Natural compounds are increasingly explored as complementary strategies to enhance the effectiveness of chemotherapy and reduce toxicity. Among these are isothiocyanates (ITCs), bioactive metabolites derived from glucosinolates in cruciferous vegetables, which have gained substantial attention for their chemopreventive and antileukemic potential. ITCs exert diverse biological effects driven by the high reactivity of the –NCS group, enabling covalent modification of key cellular proteins and modulation of signaling pathways. Well-studied representatives, including sulforaphane (SFN), allyl isothiocyanate (AITC), 6-(methylsulfinyl)hexyl isothiocyanate (6-MITC), benzyl isothiocyanate (BITC), and phenethyl isothiocyanate (PEITC), exhibit diverse antileukemic activities, including cytotoxic, pro-apoptotic, differentiation-inducing, and cell-cycle-modulating effects.
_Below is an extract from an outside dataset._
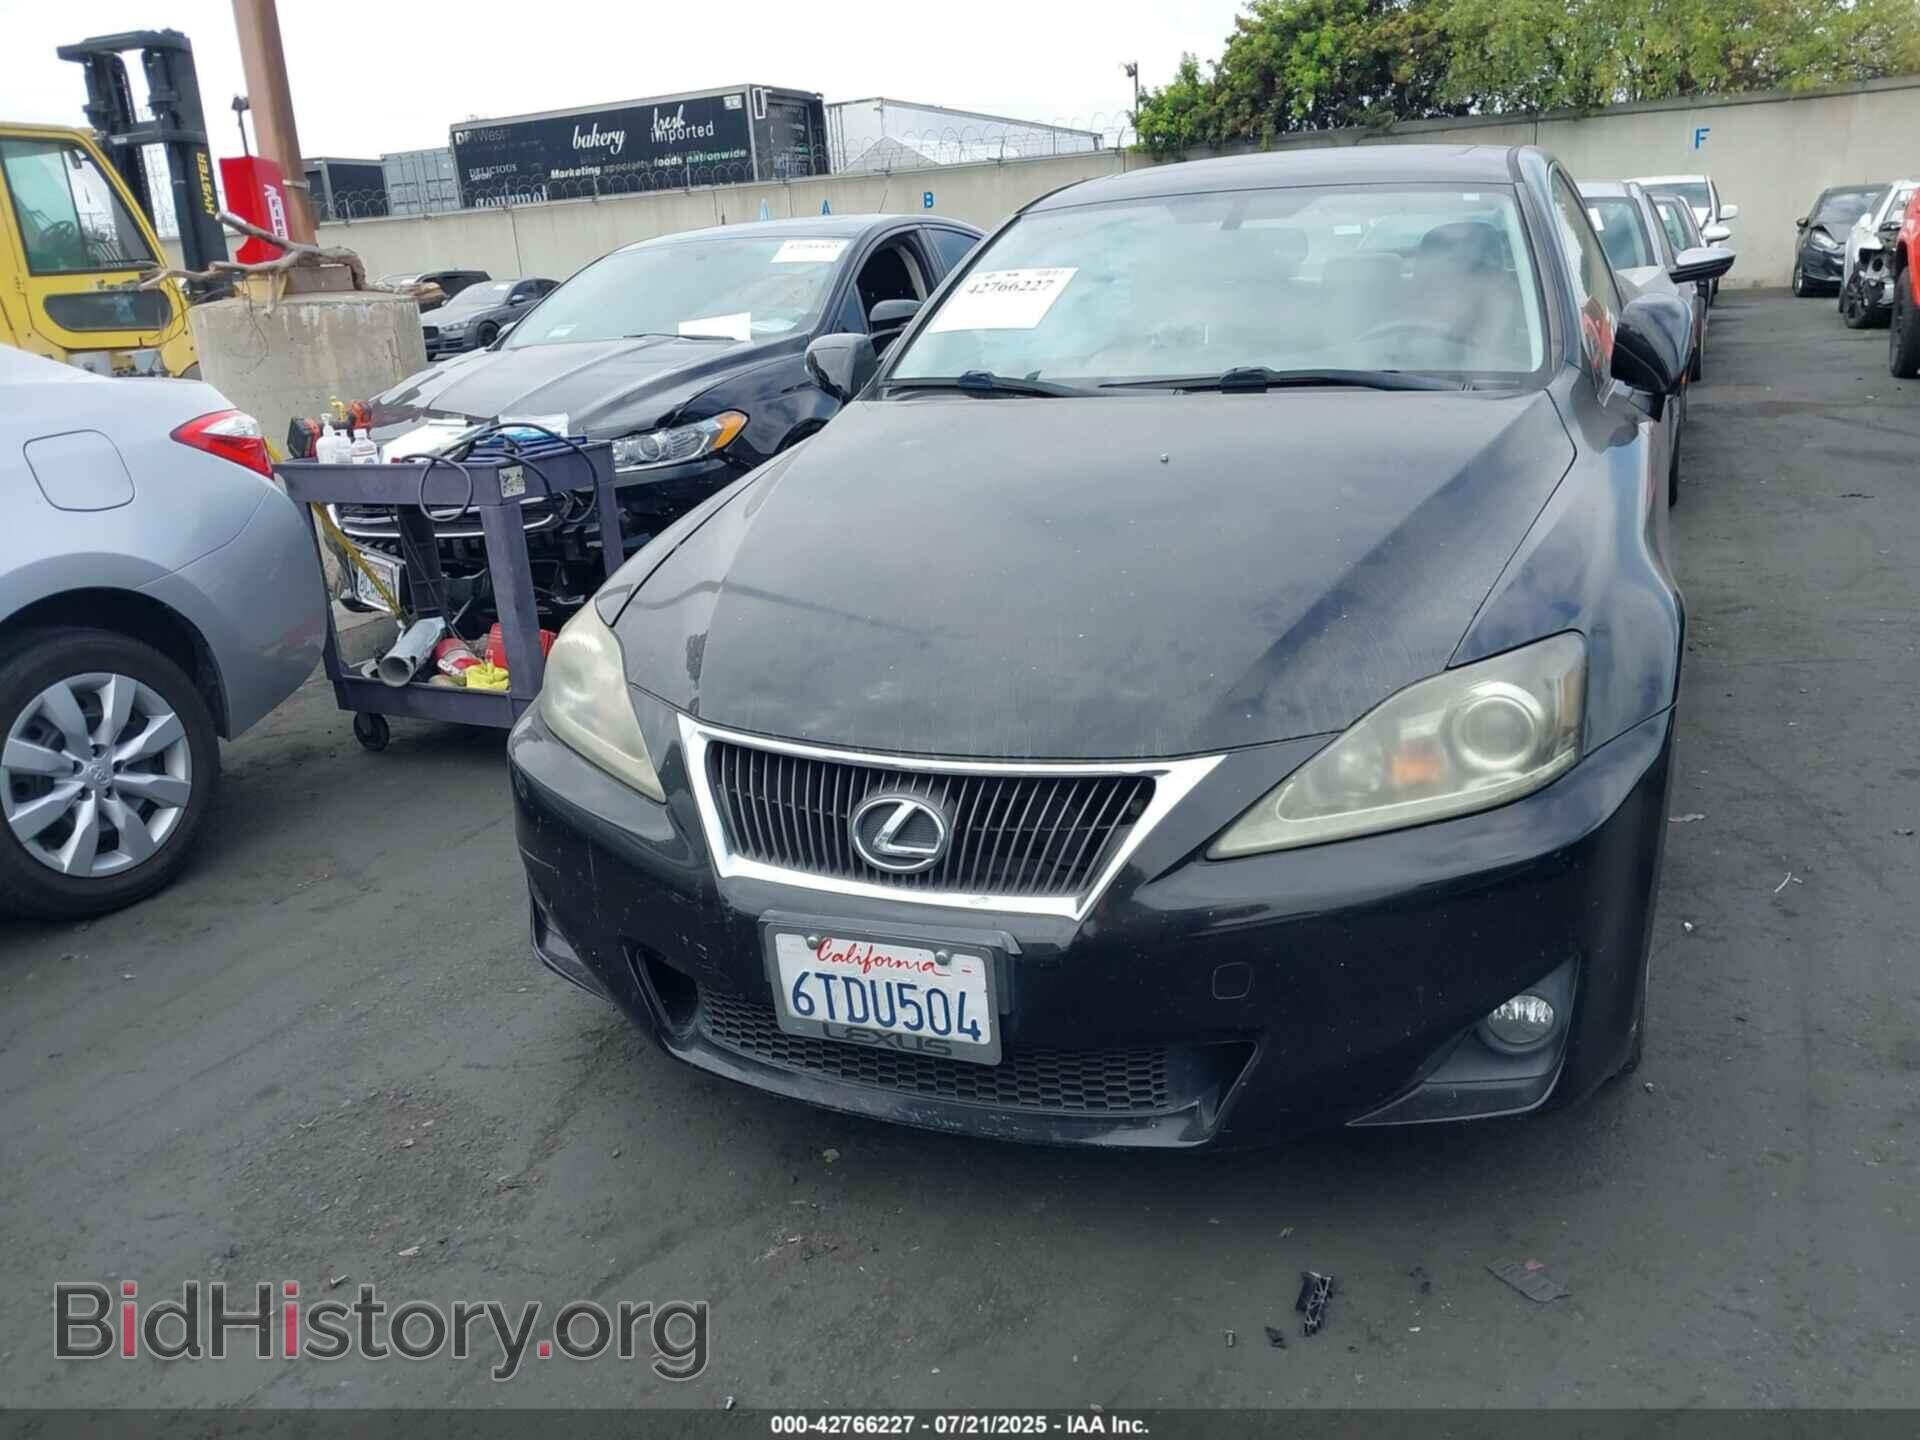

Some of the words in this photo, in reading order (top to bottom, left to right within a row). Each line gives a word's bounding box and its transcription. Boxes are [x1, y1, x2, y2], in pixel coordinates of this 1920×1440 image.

Although individual compounds differ in their relative potency and predominant biological responses, their activities are generally mediated through multiple interconnected mechanisms including oxidative stress modulation, mitochondrial dysfunction, regulation of apoptosis-related proteins, and interference with key signaling pathways. In addition to apoptosis, several ITCs have also been reported to induce autophagy, ferroptosis, or cellular differentiation in leukemic cells. Taken together, the existing evidence highlights ITCs as promising candidates for leukemia chemoprevention or therapy, acting through multi-targeted mechanisms that may complement conventional treatment strategies. Further studies are needed to clarify their selectivity, mechanistic diversity, and translational potential.